Find the line containing "this 1620×1080 image." in the data below and repeat it, along with all later lines, exactly through the last one.

Collected data:
-----

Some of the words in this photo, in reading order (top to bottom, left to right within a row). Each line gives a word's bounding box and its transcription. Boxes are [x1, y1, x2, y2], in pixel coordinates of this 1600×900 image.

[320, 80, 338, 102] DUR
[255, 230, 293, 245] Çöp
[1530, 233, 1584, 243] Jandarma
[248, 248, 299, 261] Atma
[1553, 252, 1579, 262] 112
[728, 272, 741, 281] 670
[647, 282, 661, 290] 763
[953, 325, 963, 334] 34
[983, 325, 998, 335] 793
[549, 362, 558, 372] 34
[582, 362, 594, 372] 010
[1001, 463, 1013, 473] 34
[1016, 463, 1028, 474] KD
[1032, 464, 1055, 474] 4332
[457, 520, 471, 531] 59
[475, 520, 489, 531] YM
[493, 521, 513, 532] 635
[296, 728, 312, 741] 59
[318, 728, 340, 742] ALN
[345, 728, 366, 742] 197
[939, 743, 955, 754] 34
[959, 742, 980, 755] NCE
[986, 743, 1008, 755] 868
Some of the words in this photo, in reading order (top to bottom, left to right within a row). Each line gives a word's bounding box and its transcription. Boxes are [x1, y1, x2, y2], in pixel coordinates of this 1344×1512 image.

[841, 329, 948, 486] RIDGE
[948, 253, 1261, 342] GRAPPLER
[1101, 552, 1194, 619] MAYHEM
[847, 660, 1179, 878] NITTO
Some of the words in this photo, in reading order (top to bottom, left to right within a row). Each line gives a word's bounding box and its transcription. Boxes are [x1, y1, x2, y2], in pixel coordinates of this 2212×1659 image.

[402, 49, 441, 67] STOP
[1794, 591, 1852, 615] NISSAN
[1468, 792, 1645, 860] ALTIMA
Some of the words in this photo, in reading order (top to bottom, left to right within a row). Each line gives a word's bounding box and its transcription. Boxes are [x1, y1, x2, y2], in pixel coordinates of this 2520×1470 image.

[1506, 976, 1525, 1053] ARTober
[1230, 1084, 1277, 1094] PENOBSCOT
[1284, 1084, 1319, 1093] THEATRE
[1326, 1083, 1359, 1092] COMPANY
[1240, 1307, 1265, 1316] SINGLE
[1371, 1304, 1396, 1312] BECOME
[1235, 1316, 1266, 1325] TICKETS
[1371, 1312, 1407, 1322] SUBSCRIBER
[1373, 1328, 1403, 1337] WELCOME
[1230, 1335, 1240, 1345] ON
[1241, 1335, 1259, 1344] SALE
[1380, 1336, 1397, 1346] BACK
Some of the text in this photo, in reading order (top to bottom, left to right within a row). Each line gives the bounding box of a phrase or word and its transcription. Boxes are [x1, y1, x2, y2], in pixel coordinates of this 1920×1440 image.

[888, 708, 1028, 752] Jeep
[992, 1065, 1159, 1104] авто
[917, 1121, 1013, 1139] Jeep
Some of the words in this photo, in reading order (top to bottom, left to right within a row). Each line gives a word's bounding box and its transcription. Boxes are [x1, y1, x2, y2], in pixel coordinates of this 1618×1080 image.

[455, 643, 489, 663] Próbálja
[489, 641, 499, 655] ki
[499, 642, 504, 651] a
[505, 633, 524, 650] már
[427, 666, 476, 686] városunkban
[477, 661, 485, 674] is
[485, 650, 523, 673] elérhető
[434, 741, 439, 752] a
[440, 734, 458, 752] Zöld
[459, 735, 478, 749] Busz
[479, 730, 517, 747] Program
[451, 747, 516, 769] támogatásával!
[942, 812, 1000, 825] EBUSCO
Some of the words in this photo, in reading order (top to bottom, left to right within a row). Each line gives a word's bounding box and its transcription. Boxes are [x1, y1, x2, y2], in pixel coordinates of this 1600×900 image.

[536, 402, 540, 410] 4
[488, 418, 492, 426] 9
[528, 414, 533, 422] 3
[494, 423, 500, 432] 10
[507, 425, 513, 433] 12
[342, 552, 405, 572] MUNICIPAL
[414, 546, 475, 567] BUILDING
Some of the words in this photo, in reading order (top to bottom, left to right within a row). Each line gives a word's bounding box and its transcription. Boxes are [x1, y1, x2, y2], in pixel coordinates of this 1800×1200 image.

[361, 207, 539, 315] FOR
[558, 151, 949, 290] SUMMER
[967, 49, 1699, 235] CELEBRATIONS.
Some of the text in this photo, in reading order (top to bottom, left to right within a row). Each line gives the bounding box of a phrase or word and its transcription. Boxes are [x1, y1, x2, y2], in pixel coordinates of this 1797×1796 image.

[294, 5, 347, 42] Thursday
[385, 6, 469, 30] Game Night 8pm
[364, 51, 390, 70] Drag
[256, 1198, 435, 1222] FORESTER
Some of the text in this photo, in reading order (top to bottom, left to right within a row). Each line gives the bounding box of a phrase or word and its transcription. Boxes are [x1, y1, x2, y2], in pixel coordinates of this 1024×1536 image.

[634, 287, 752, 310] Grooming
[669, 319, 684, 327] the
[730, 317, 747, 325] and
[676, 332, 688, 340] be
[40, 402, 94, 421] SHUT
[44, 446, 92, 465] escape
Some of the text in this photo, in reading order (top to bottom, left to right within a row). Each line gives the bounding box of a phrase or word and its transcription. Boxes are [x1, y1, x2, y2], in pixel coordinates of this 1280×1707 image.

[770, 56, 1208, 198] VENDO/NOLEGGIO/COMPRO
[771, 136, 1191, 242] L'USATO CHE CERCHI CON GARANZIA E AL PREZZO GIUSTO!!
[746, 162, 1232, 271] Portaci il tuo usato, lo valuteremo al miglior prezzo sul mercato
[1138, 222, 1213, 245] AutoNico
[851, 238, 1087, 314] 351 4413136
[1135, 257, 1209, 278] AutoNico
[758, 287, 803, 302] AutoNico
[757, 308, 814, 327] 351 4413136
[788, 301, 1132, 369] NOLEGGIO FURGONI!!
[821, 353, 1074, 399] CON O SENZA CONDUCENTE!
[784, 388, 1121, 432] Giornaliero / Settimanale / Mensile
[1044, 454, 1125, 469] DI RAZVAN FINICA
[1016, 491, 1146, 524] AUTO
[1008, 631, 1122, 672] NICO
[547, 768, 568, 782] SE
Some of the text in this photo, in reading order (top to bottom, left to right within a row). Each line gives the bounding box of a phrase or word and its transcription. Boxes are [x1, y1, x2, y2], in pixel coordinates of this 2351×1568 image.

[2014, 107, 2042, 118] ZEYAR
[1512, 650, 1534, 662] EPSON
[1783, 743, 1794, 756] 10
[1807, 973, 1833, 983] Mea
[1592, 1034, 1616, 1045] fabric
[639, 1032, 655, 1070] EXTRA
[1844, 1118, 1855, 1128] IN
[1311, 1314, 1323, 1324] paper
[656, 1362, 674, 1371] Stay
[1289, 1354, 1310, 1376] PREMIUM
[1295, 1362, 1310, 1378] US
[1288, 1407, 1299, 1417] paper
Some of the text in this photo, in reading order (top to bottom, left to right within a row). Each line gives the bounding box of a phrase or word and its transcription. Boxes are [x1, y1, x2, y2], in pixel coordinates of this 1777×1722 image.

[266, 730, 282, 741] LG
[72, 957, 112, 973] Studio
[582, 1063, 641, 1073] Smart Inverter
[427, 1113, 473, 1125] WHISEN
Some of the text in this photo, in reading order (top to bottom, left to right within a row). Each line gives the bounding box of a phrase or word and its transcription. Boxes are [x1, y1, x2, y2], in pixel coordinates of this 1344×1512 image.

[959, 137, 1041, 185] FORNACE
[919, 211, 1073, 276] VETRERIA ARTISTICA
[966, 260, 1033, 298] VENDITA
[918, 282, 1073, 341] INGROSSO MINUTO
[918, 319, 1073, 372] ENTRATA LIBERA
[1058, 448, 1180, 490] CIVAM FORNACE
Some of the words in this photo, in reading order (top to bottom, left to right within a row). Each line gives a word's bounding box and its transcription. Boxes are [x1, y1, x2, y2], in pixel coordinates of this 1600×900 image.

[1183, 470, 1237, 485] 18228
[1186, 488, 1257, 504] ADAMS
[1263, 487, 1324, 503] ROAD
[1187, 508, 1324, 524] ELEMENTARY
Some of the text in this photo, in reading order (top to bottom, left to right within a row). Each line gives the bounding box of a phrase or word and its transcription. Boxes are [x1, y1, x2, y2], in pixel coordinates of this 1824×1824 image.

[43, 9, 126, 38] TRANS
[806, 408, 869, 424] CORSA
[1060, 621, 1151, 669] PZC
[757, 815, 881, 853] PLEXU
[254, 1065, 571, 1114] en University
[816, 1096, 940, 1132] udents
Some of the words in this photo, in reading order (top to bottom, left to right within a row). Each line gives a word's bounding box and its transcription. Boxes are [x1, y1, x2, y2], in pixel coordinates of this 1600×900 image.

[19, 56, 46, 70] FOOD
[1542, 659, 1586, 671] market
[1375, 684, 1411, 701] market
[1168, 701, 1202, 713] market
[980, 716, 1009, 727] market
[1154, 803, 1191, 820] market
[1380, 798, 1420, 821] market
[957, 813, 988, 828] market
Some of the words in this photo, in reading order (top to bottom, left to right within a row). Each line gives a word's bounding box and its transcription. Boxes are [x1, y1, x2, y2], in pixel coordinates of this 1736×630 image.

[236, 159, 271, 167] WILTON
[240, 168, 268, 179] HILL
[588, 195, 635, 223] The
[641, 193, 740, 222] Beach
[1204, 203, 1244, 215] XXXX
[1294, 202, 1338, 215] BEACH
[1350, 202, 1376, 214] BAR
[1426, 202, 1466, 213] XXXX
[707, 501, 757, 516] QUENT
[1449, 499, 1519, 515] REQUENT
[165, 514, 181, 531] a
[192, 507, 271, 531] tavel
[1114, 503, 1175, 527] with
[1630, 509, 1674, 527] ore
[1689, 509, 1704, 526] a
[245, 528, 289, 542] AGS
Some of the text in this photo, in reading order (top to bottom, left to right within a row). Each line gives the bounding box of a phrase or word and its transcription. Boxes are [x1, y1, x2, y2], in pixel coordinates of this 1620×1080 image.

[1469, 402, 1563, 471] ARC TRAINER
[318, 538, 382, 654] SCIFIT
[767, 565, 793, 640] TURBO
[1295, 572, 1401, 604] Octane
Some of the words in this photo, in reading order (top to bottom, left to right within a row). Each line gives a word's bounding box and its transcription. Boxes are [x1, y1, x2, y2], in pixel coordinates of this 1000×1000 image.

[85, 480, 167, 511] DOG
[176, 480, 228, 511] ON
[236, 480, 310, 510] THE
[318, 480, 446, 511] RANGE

-----

Finished exercise ::
Some of the text in this photo, in reading order (top to bottom, left to right within a row). Each line gives the bounding box of a phrase or word and its transcription. Boxes are [x1, y1, x2, y2], in pixel coordinates of this 1620×1080 image.

[1469, 402, 1563, 471] ARC TRAINER
[318, 538, 382, 654] SCIFIT
[767, 565, 793, 640] TURBO
[1295, 572, 1401, 604] Octane
Some of the words in this photo, in reading order (top to bottom, left to right within a row). Each line gives a word's bounding box and its transcription. Boxes are [x1, y1, x2, y2], in pixel coordinates of this 1000×1000 image.

[85, 480, 167, 511] DOG
[176, 480, 228, 511] ON
[236, 480, 310, 510] THE
[318, 480, 446, 511] RANGE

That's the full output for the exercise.